Give the listing again word for word. Leave every image out.

- Data for this task:

--- START ---

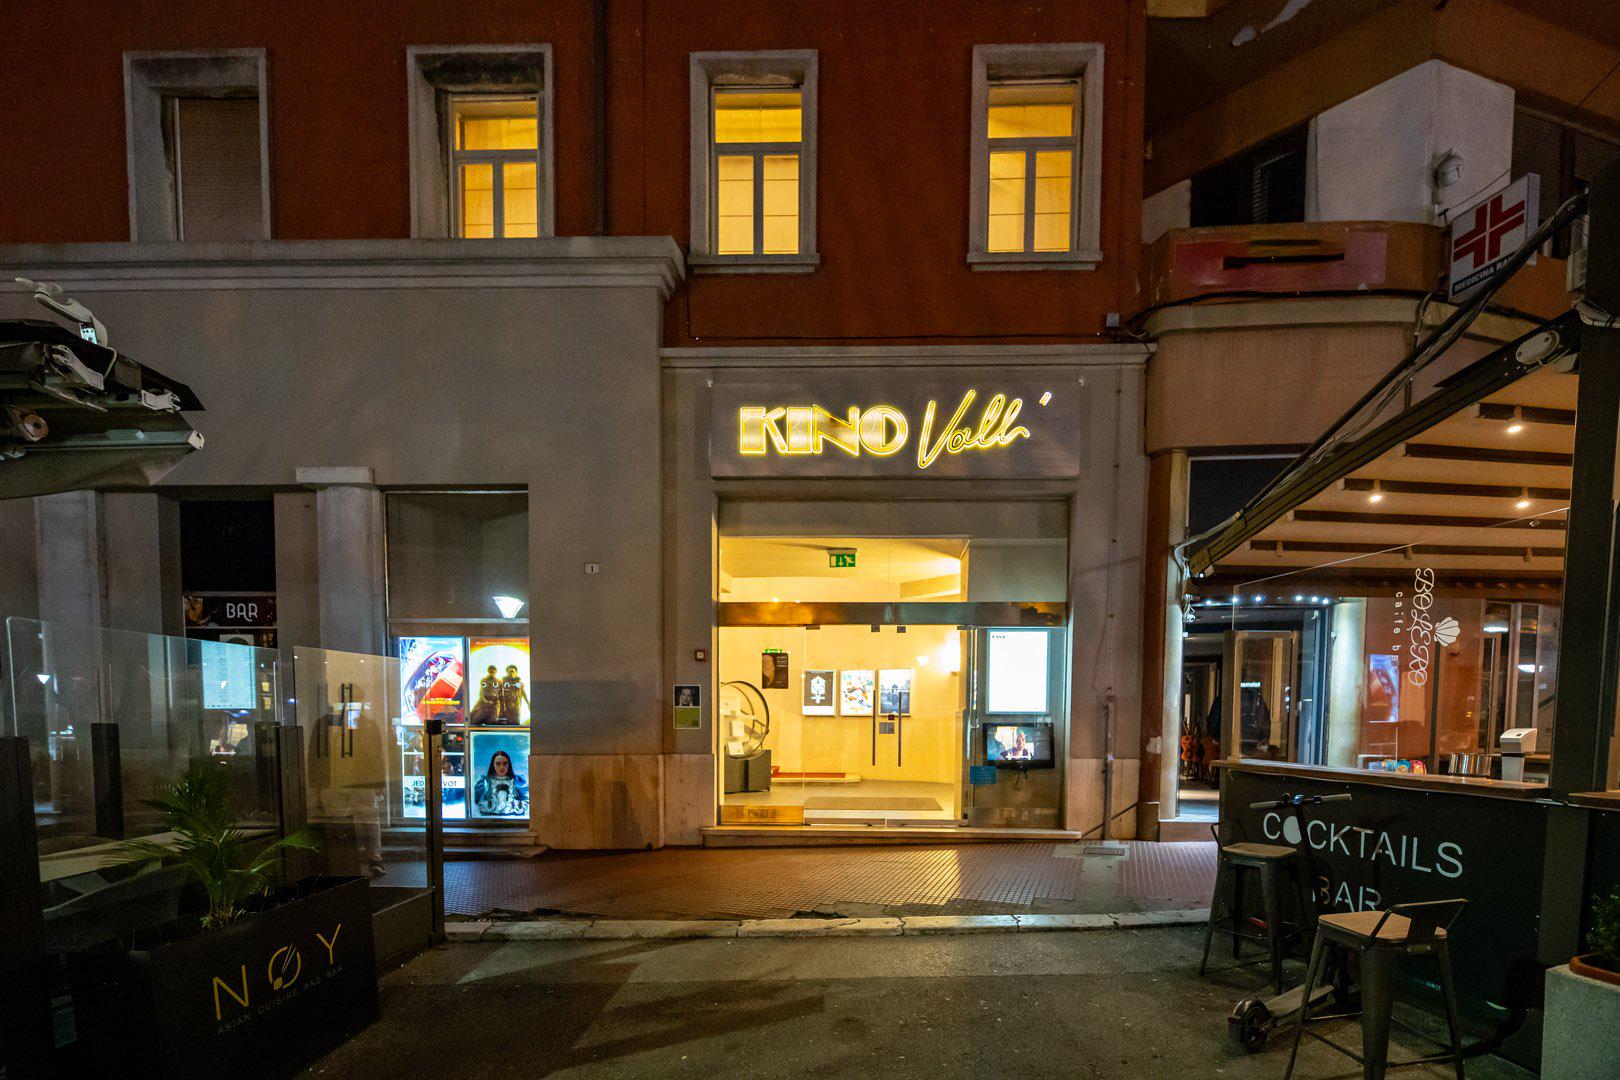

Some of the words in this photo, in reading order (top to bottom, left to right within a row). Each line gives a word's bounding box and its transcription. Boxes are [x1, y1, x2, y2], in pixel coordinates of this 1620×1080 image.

[1455, 266, 1495, 292] MEDICINA
[740, 404, 908, 456] KINO
[917, 389, 1052, 468] Valli
[226, 602, 258, 622] BAR
[1406, 568, 1434, 686] BOLERO
[1263, 812, 1463, 878] COCKTAILS
[1312, 876, 1381, 913] BAR
[213, 923, 341, 1020] NOY
[217, 1013, 251, 1036] ASIAN
[304, 976, 322, 991] AND

--- END ---

- Answer box:
Some of the words in this photo, in reading order (top to bottom, left to right within a row). Each line gives a word's bounding box and its transcription. Boxes are [x1, y1, x2, y2], in pixel coordinates of this 1620×1080 image.

[1455, 266, 1495, 292] MEDICINA
[740, 404, 908, 456] KINO
[917, 389, 1052, 468] Valli
[226, 602, 258, 622] BAR
[1406, 568, 1434, 686] BOLERO
[1263, 812, 1463, 878] COCKTAILS
[1312, 876, 1381, 913] BAR
[213, 923, 341, 1020] NOY
[217, 1013, 251, 1036] ASIAN
[304, 976, 322, 991] AND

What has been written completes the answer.